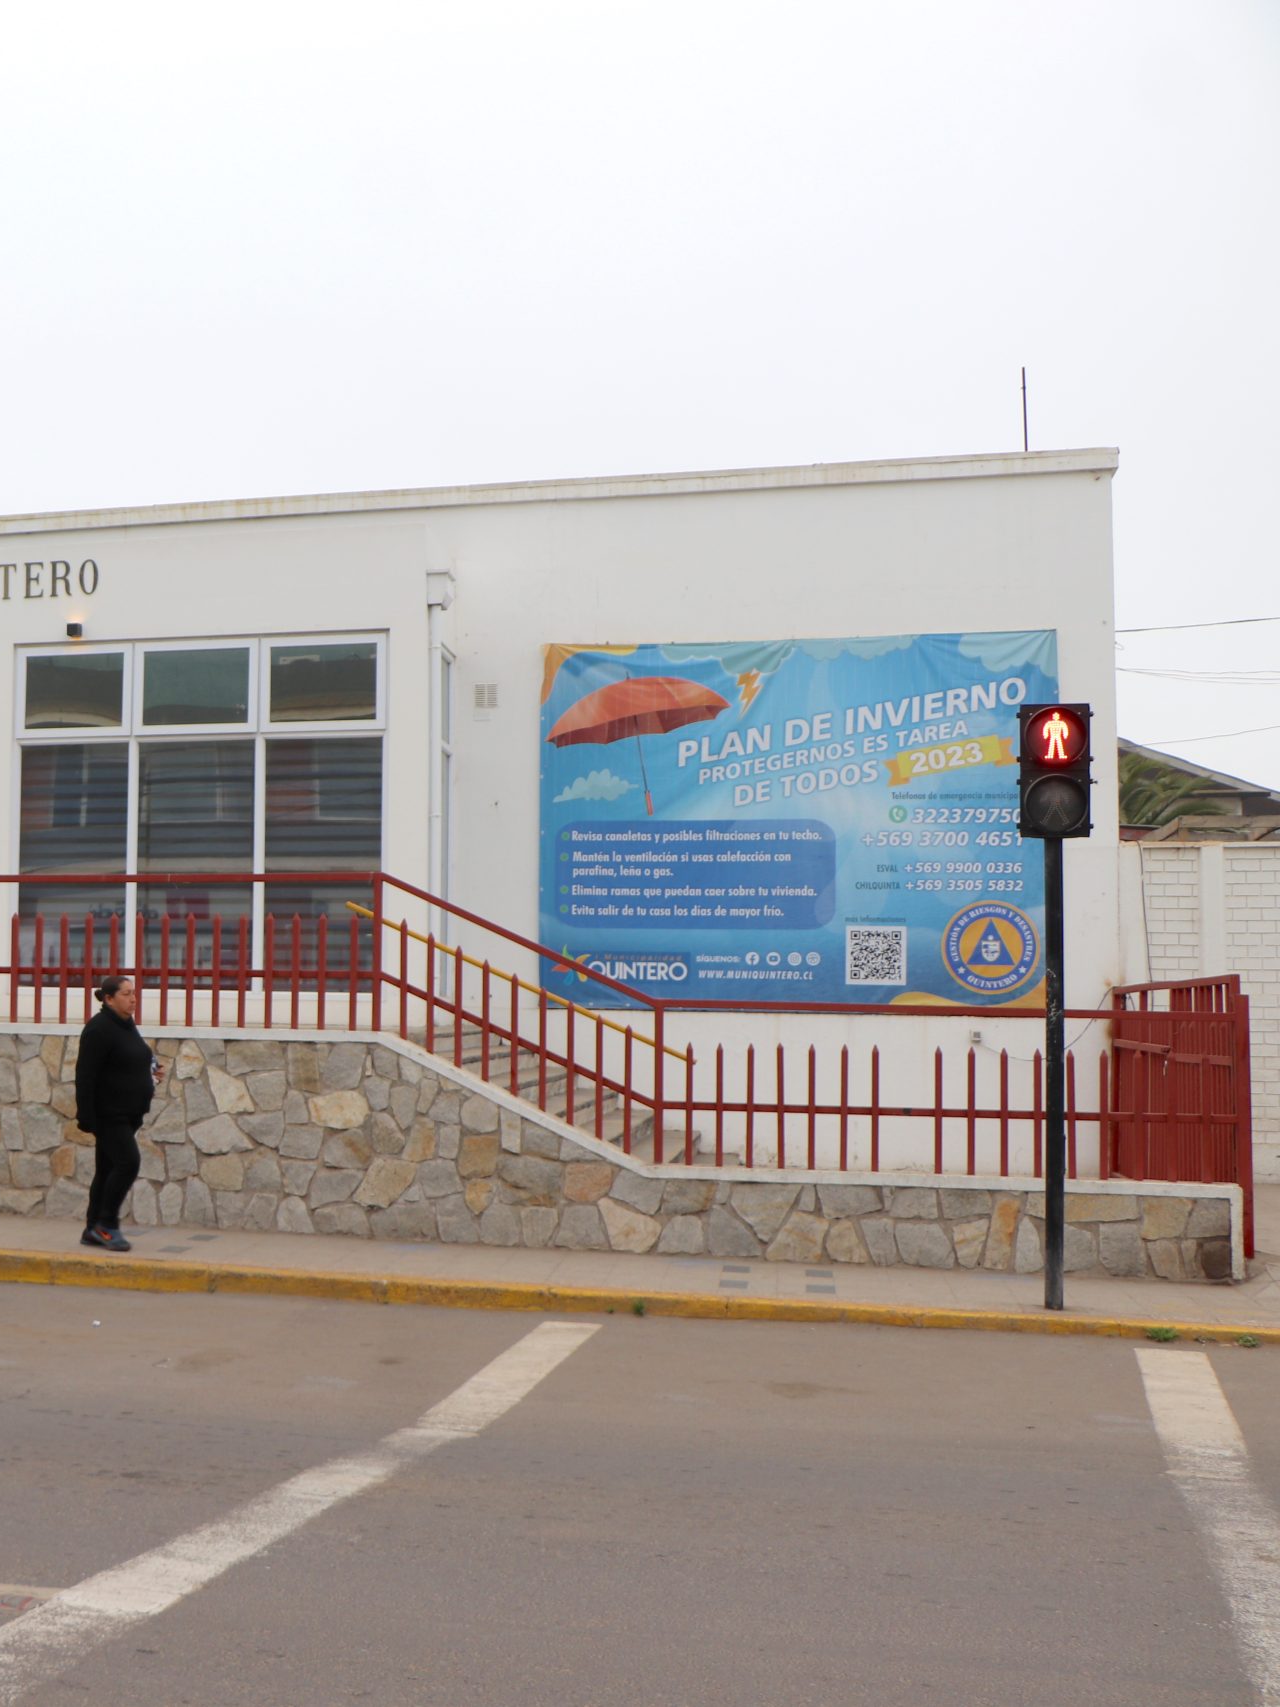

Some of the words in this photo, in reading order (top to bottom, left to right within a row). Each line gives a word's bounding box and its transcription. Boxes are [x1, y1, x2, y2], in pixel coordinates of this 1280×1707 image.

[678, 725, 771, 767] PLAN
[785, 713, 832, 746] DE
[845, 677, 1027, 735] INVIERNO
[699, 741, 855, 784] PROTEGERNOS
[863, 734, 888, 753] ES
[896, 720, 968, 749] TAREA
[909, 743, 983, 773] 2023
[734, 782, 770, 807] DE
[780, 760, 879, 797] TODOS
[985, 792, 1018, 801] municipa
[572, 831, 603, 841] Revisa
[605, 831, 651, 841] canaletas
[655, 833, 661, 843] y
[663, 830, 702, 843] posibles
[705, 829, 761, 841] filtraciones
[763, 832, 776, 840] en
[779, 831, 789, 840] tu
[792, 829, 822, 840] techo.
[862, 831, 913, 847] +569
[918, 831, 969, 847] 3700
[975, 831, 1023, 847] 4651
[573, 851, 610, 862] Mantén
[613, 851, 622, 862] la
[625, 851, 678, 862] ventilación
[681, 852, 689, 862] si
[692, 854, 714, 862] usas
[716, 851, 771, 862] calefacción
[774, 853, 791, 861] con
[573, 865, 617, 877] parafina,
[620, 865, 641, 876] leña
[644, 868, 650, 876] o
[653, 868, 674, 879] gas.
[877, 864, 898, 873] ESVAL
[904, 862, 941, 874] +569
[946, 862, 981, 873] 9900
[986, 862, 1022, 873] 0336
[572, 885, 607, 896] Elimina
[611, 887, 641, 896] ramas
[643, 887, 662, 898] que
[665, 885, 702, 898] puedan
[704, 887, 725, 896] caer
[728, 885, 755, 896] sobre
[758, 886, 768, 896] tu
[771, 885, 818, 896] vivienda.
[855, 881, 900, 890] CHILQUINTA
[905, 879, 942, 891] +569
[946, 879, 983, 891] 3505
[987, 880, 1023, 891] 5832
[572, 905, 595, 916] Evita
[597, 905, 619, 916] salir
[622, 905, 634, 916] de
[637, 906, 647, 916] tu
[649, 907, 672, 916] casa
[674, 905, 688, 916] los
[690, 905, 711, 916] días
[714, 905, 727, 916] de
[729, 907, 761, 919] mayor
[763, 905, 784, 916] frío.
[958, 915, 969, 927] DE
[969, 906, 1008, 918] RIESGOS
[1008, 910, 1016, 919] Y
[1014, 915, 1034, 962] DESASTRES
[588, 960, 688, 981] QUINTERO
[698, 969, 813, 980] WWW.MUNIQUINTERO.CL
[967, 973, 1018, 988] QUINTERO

→ WORK REQUEST:
The required output is the listing above reproduced exactly, pictures removed.

→ WORKED SOLUTION:
Some of the words in this photo, in reading order (top to bottom, left to right within a row). Each line gives a word's bounding box and its transcription. Boxes are [x1, y1, x2, y2], in pixel coordinates of this 1280×1707 image.

[678, 725, 771, 767] PLAN
[785, 713, 832, 746] DE
[845, 677, 1027, 735] INVIERNO
[699, 741, 855, 784] PROTEGERNOS
[863, 734, 888, 753] ES
[896, 720, 968, 749] TAREA
[909, 743, 983, 773] 2023
[734, 782, 770, 807] DE
[780, 760, 879, 797] TODOS
[985, 792, 1018, 801] municipa
[572, 831, 603, 841] Revisa
[605, 831, 651, 841] canaletas
[655, 833, 661, 843] y
[663, 830, 702, 843] posibles
[705, 829, 761, 841] filtraciones
[763, 832, 776, 840] en
[779, 831, 789, 840] tu
[792, 829, 822, 840] techo.
[862, 831, 913, 847] +569
[918, 831, 969, 847] 3700
[975, 831, 1023, 847] 4651
[573, 851, 610, 862] Mantén
[613, 851, 622, 862] la
[625, 851, 678, 862] ventilación
[681, 852, 689, 862] si
[692, 854, 714, 862] usas
[716, 851, 771, 862] calefacción
[774, 853, 791, 861] con
[573, 865, 617, 877] parafina,
[620, 865, 641, 876] leña
[644, 868, 650, 876] o
[653, 868, 674, 879] gas.
[877, 864, 898, 873] ESVAL
[904, 862, 941, 874] +569
[946, 862, 981, 873] 9900
[986, 862, 1022, 873] 0336
[572, 885, 607, 896] Elimina
[611, 887, 641, 896] ramas
[643, 887, 662, 898] que
[665, 885, 702, 898] puedan
[704, 887, 725, 896] caer
[728, 885, 755, 896] sobre
[758, 886, 768, 896] tu
[771, 885, 818, 896] vivienda.
[855, 881, 900, 890] CHILQUINTA
[905, 879, 942, 891] +569
[946, 879, 983, 891] 3505
[987, 880, 1023, 891] 5832
[572, 905, 595, 916] Evita
[597, 905, 619, 916] salir
[622, 905, 634, 916] de
[637, 906, 647, 916] tu
[649, 907, 672, 916] casa
[674, 905, 688, 916] los
[690, 905, 711, 916] días
[714, 905, 727, 916] de
[729, 907, 761, 919] mayor
[763, 905, 784, 916] frío.
[958, 915, 969, 927] DE
[969, 906, 1008, 918] RIESGOS
[1008, 910, 1016, 919] Y
[1014, 915, 1034, 962] DESASTRES
[588, 960, 688, 981] QUINTERO
[698, 969, 813, 980] WWW.MUNIQUINTERO.CL
[967, 973, 1018, 988] QUINTERO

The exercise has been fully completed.